It’s unfair, but lashing out is easier than lying, even when it’s not deserved. And I’m so close to finding out what happened to Charlotte.

Brian says nothing for a very long time, and I’m just about to take the phone from my ear to check whether he’s ended the call when—

“Tell me where you are and I’ll come and collect you.”

He may as well have offered me the other cheek.

“There’s no need. Really. I brought the car.”

“Then I’ll join you. We’ll get a coffee. Have a talk.”

There’s a cough to my left and I remember that I’m not alone. Ella is tapping away at her phone like her life depends on it, but I can tell by the hunch of her shoulders and the fact that her body’s angled away from me that she finds this whole situation hideously awkward.

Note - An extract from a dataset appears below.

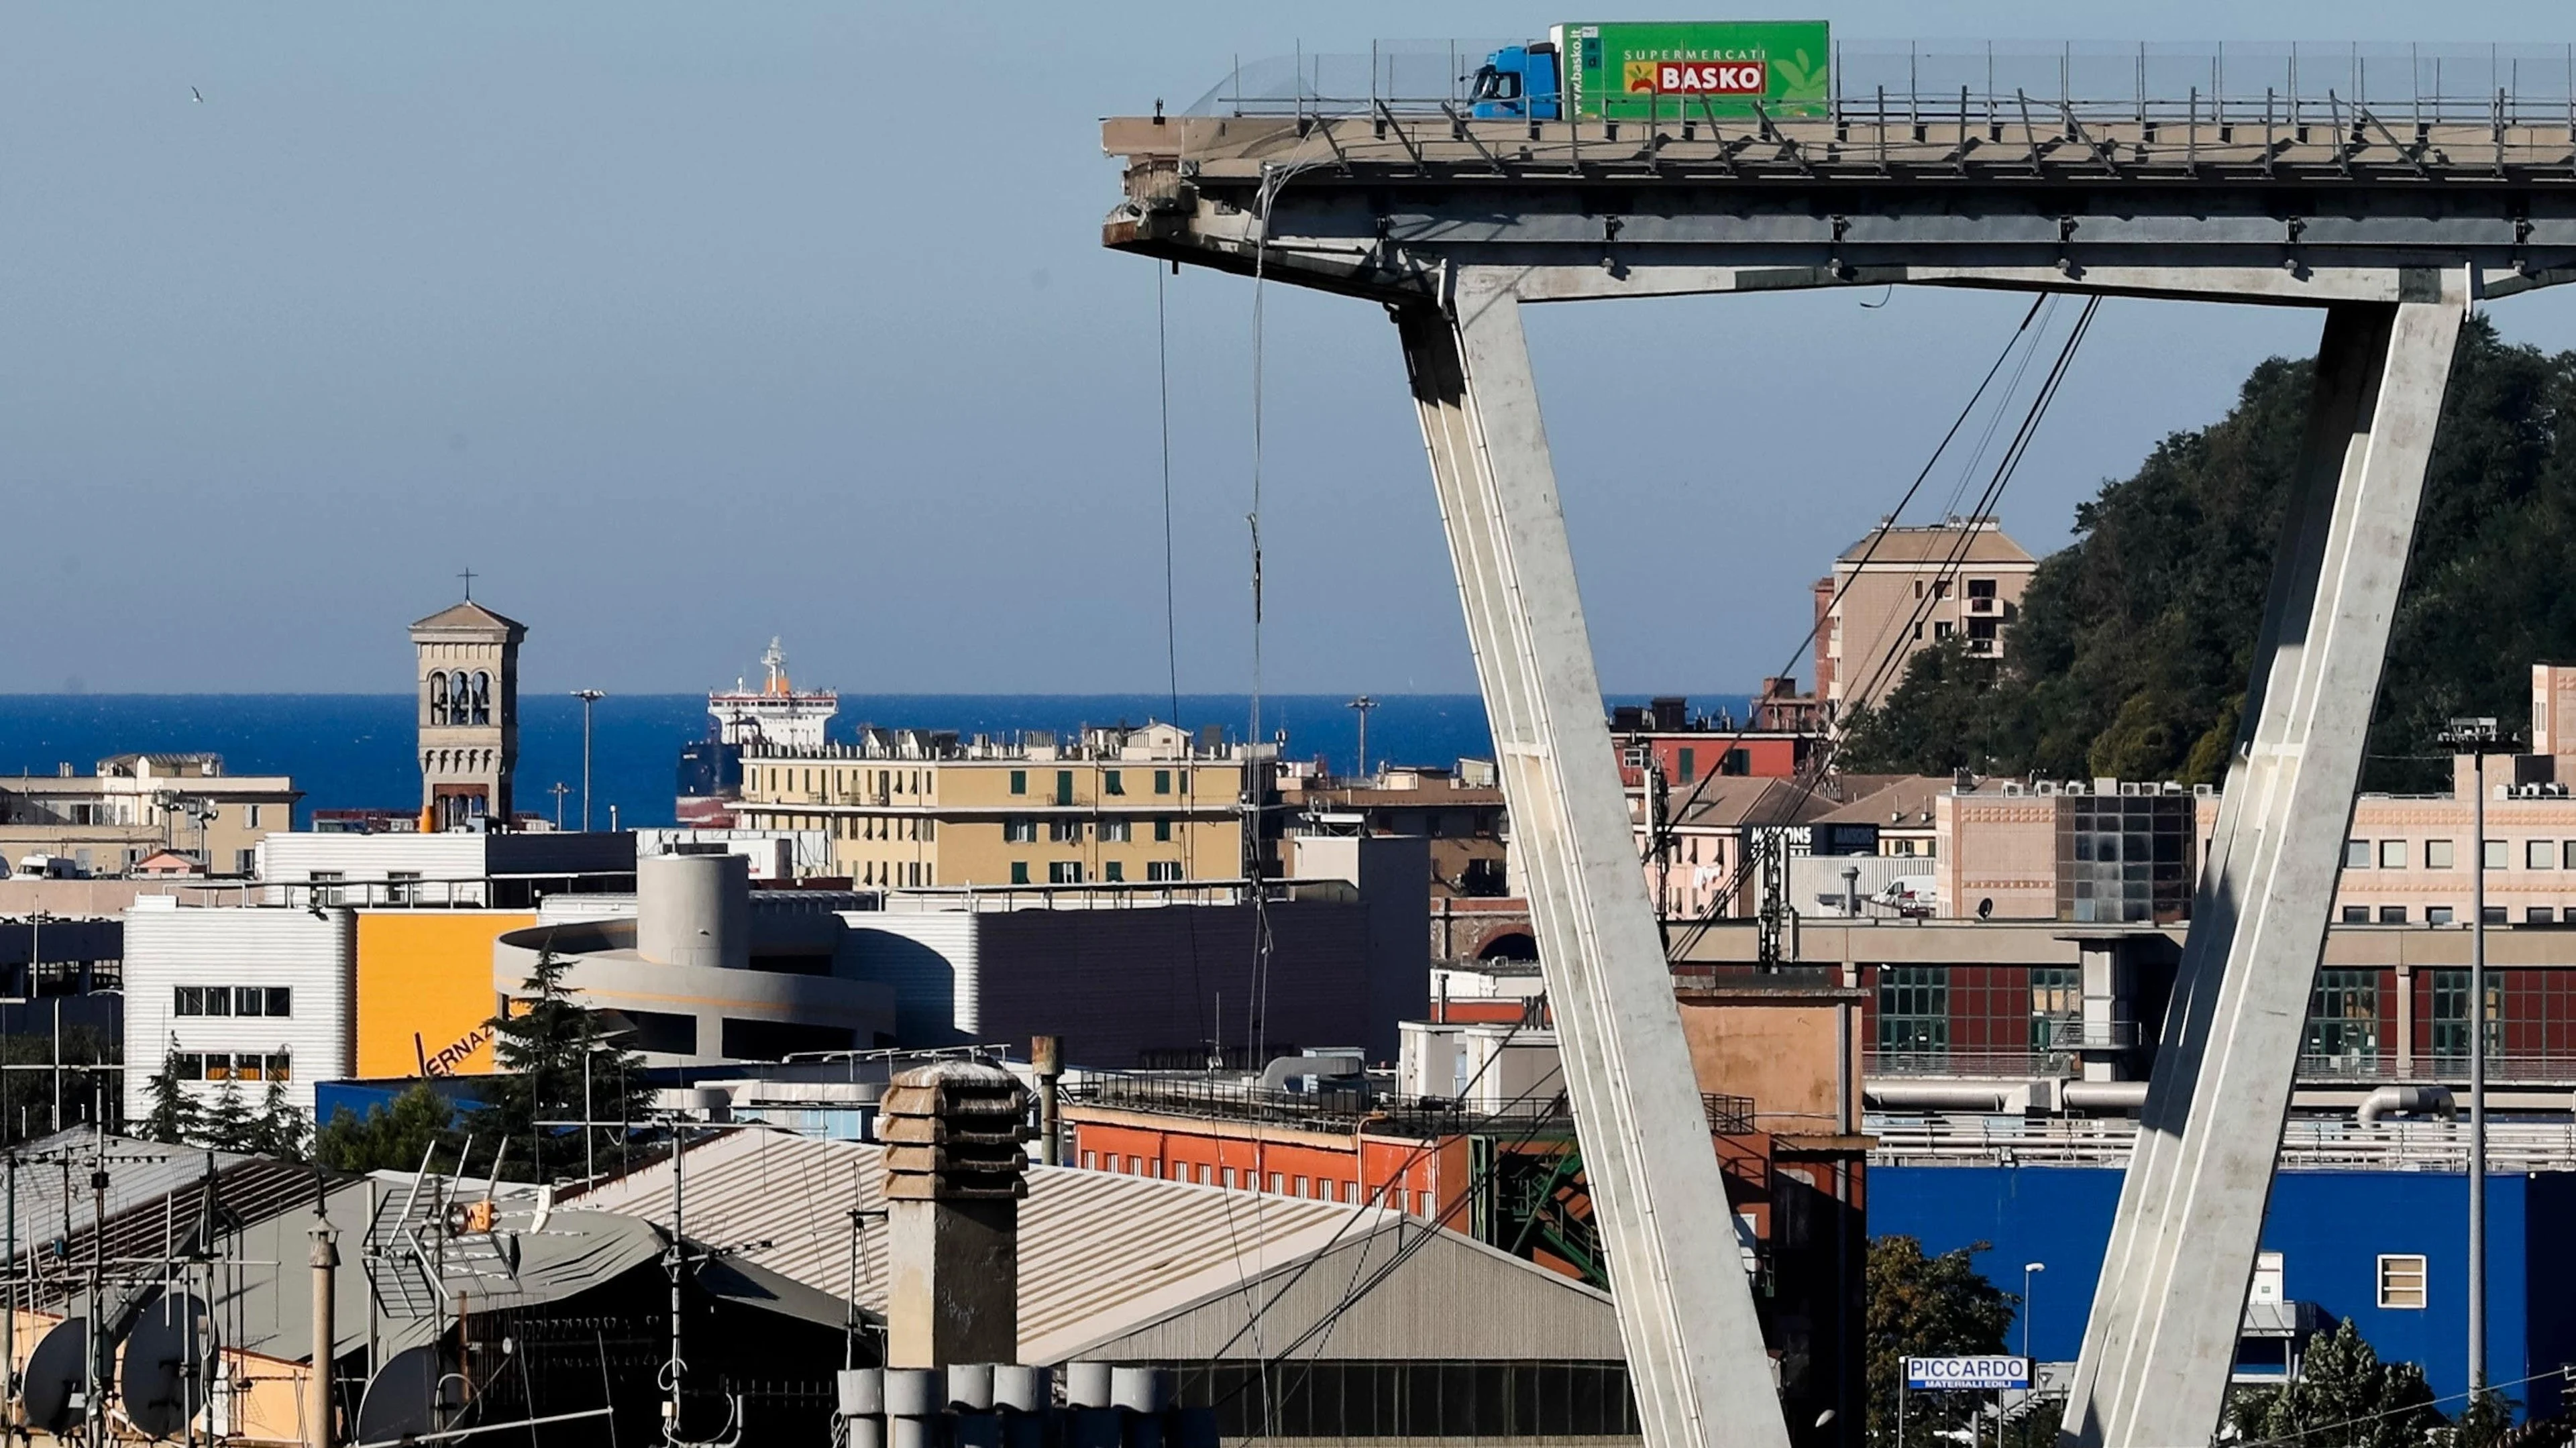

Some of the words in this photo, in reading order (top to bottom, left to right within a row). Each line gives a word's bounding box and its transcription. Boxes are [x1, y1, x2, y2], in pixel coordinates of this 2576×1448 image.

And who can blame her? I asked her to come along to convince Liam to tell me the truth, not to bear witness to my marital problems.

“I don’t want any company, Brian,” I say and then I realize that’s exactly why he’s checking up on me. He’s not trying to control me; he’s worried. My mother has just died, he thinks I’m suffering from depressive anxiety and posttraumatic stress disorder, and I’m insisting he leave me alone. He probably thinks I’m about to do a Sylvia Plath and walk into the sea.

“I’m sorry.” I soften my voice. “I know you’re just trying to look after me, but this is something I need to get through on my own and—”

“But—”

“Not forever, just today. I just need to get through today on my own. I’ll be back by this evening. Please, Brian. Please trust me.”

“Of course I trust you, Sue. I just don’t want you to—”

“I’m not going to do anything silly,” I say, even though I know there’s every chance I might do the opposite, depending on what Liam has to say. But I don’t feel silly. I feel like I’m regaining control of my life, twenty years too late. “Please, Brian, I need to do this.”

“Okay,” he says. “I understand. Just…please don’t stay out too late. Don’t make me worry unnecessarily.”

My heart twists in my chest. He is a good man. Despite everything, he’s a good man and I’m lucky to have him in my life.

“I love you, Brian.”

Ella squirms in her seat, but I don’t care.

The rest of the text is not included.